Por mais chocante que possa parecer, nem sempre que há o reconhecimento de uma relação de emprego de decisões trabalhistas pela Justiça do Trabalho, a Previdência Social (INSS) admite o cômputo do período reconhecido para fins de contagem de tempo de contribuição.
Escrevo este artigo na esperança de que advogados trabalhistas o leiam, muito mais do que os previdenciaristas. Não que este assunto não interesse ao previdenciarista. Porém, a atuação desavisada do advogado trabalhista no passado, poderá ter reflexos desastrosos para a aposentadoria do trabalhador no futuro.

Sumário

  • Argumentos do INSS
  • Decisões da Justiça do Trabalho
  • Recolhimento das contribuições previdenciárias
  • Entendimento dos Tribunais
  • Conclusão e conselhos
  • Normas e jurisprudência citadas no texto.

    Argumentos do INSS

    O INSS justifica sua negativa em dois argumentos principais:
    • O INSS não foi parte na lide trabalhista entre empregado e empregador;
    • Art. 55, § 3º da Lei 8.213/91 (lei de benefícios).
    O § 3º do art. 55 da lei de benefícios traz o que eu chamo de a “equação do tempo de contribuição”. Vejamos:
    Prova de tempo de contribuição = início de prova material (documental) + testemunhas
    [Obs.: caso sua prova documental seja forte e não apenas um “início”, pode ser desnecessário apresentar testemunhas, mas eu não recomendo. Vai que o juiz entende que a prova não é assim tão forte quanto você imaginou, não é mesmo?]
    [Obs. 2: Eu já tratei desta “equação” neste artigo: Perdi a carteira de trabalho! Como provar tempo de contribuição?]

    Decisões da Justiça do Trabalho

    Muitas vezes, na Justiça do Trabalho, a relação de emprego é reconhecida através de provas testemunhais somente ou da confissão (real ou ficta) do empregador, ou seja, sem qualquer prova documental. Também não é raro que o reconhecimento ocorra devido a um acordo, sem análise de quaisquer provas.
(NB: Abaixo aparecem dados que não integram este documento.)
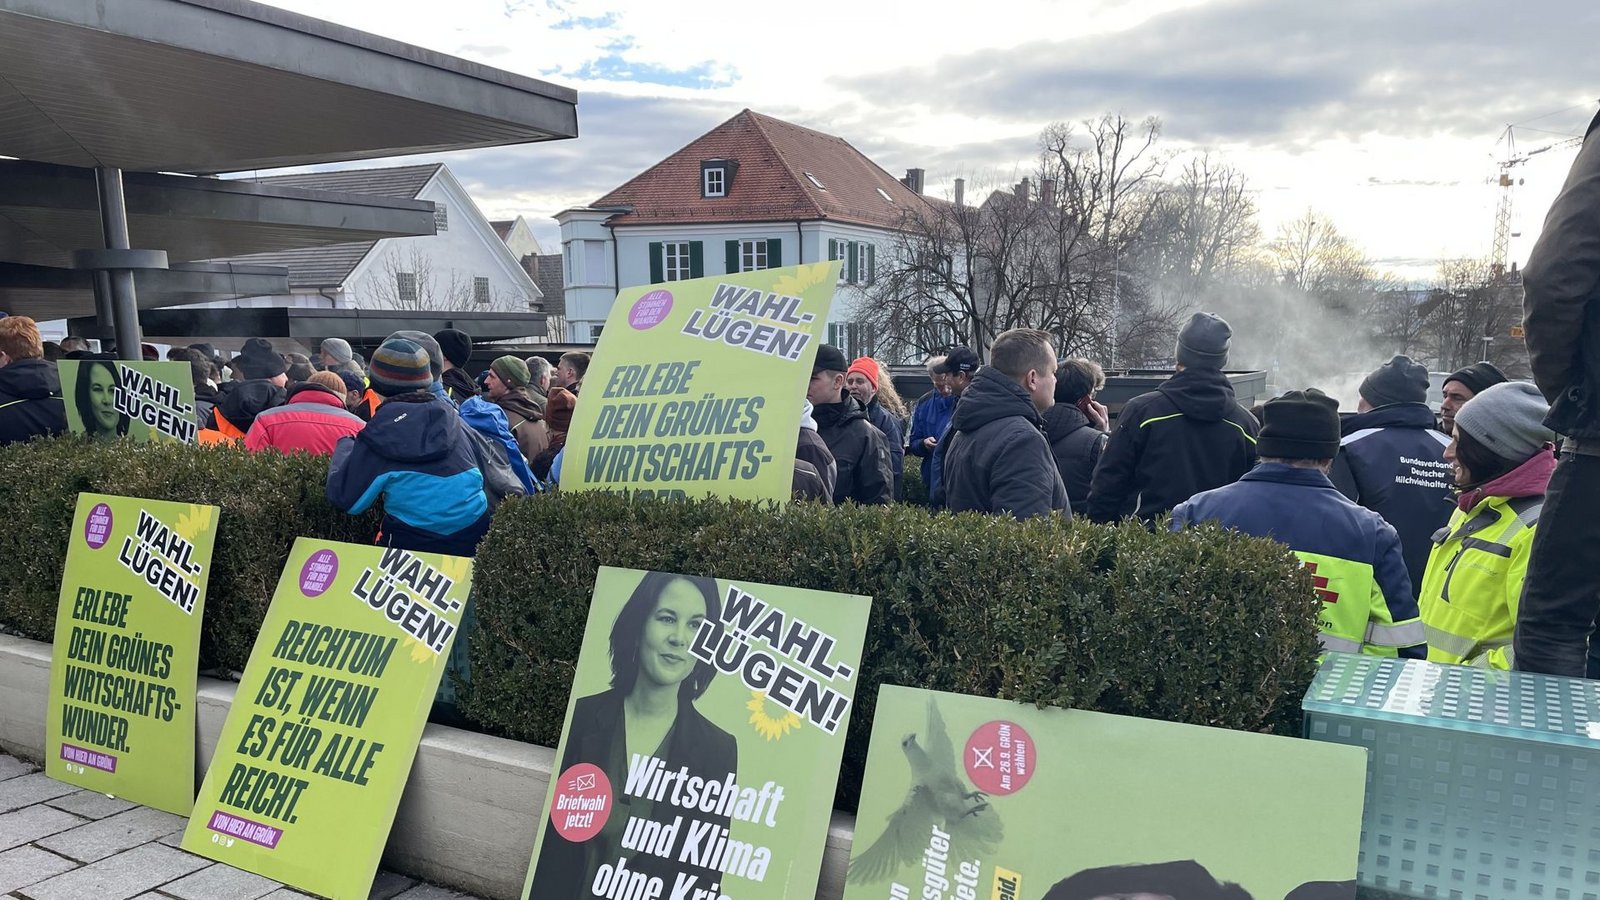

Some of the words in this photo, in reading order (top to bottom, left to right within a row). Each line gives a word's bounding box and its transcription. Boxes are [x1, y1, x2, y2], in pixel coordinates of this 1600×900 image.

[648, 292, 664, 300] ALLE
[711, 284, 815, 325] WAHL-
[682, 310, 811, 360] LÜGEN!
[121, 365, 192, 414] WAHL-
[602, 360, 702, 399] ERLEBE
[114, 388, 197, 444] LÜGEN!
[591, 401, 658, 440] DEIN
[654, 393, 766, 438] GRÜNES
[583, 440, 772, 483] WIRTSCHAFTS-
[1395, 475, 1448, 489] Milchviehhalter
[1411, 467, 1445, 478] Deutscher
[136, 510, 202, 576] WAHL-
[317, 554, 332, 563] ALLE
[119, 537, 199, 614] LÜGEN!
[378, 547, 461, 612] WAHL-
[72, 586, 133, 629] ERLEBE
[352, 568, 454, 653] LÜGEN!
[67, 625, 108, 666] DEIN
[106, 631, 174, 680] GRÜNES
[272, 620, 398, 678] REICHTUM
[723, 588, 852, 678] WAHL-
[63, 664, 182, 722] WIRTSCHAFTS-
[254, 666, 303, 716] IST,
[298, 674, 379, 728] WENN
[691, 621, 849, 733] LÜGEN!
[61, 703, 131, 754] WUNDER.
[236, 714, 276, 758] ES
[266, 717, 322, 770] FÜR
[312, 733, 384, 786] ALLE
[998, 724, 1011, 749] GRÜN
[999, 750, 1011, 773] 26.9.
[1013, 739, 1025, 775] wählen!
[218, 762, 309, 824] REICHT.
[557, 793, 607, 811] Briefwahl
[624, 753, 785, 828] Wirtschaft
[1000, 774, 1011, 790] Am
[213, 813, 230, 831] VON
[226, 818, 246, 836] HIER
[241, 823, 257, 839] AN
[563, 811, 594, 830] jetzt!
[621, 816, 683, 859] und
[678, 819, 772, 882] Klima
[922, 824, 951, 900] sgüter
[591, 857, 664, 900] ohne
    Recolhimento das contribuições previdenciárias

    Como se não bastasse o reconhecimento em Juízo do vínculo de emprego, muitas vezes as contribuições previdenciárias relativas ao período reconhecido são efetivamente recolhidas pelo empregador (voluntariamente ou por intermédio de execução), o que nos faz pensar que estaria tudo certo.
    Porém, este valor pago constará no CNIS (Cadastro Nacional de Informações Sociais) como extemporâneo e o INSS exigirá a prova de trabalho através da “equação do tempo de contribuição”.

    Entendimento dos Tribunais

    O STJ (Superior Tribunal de Justiça) entende que a sentença trabalhista pode ser considerada como início de prova material para a concessão do benefício previdenciário, desde que fundada em provas (vide ementas transcritas ao final do artigo).
    A TNU (Turma Nacional de Uniformização dos Juizados Especiais Federais) vai além e estabelece que a anotação na CTPS decorrente de sentença trabalhista homologatória constitui início de prova material para fins previdenciários (súmula 31).

    Conclusão e conselhos

    O segurado que obtiver o reconhecimento de seu vínculo de emprego através de uma reclamatória trabalhista provavelmente terá muito trabalho e dor de cabeça para conseguir aproveitar este tempo para aposentadoria.
    Muito embora eu considere tais exigências inconstitucionais (e isso é assunto para outro artigo) e o entendimento dos Tribunais flexibilize um pouco o rigor dos requisitos do INSS, ainda assim deve-se tomar cuidado, pois o STJ exige que a sentença seja fundamentada em provas (ainda que testemunhais). Vamos trabalhar com o que temos, né? Hehehe!
    Dessa forma, aconselho muito cuidado ao advogado ao propor e aceitar acordos na esfera trabalhista. Minha recomendação é que seja anexada a maior quantidade possível de provas documentais e que sejam ouvidas testemunhas. Também recomendo a composição (acordo) apenas na fase de execução, pois, dessa forma, teremos uma sentença mais “forte”.
    Ao trabalhador recomendo duas coisas: 1) guardar todo e qualquer documento possível (papéis, recibos, emails, mensagens, etc.); 2) após o fim do seu processo trabalhista, procure imediatamente um advogado previdenciarista, mesmo que você não esteja próximo de se aposentar, pois ele poderá “acertar” o seu CNIS (Cadastro Nacional de Informações Sociais) e facilitar muito a sua vida quando chegar a hora da aposentadoria.
    E já que estamos falando de direito previdenciário, eu disponibilizei gratuitamente a minha Ficha de Atendimento a Cliente para Causas Previdenciárias (informe seu e-mail no formulário abaixo e eu enviarei a ficha para você). Espero que seja útil!
    Caso esteja com dificuldades de visualizar o formulário, veja a versão original deste artigo lá no blog: A (não) eficácia das decisões trabalhistas frente ao INSS [polêmica]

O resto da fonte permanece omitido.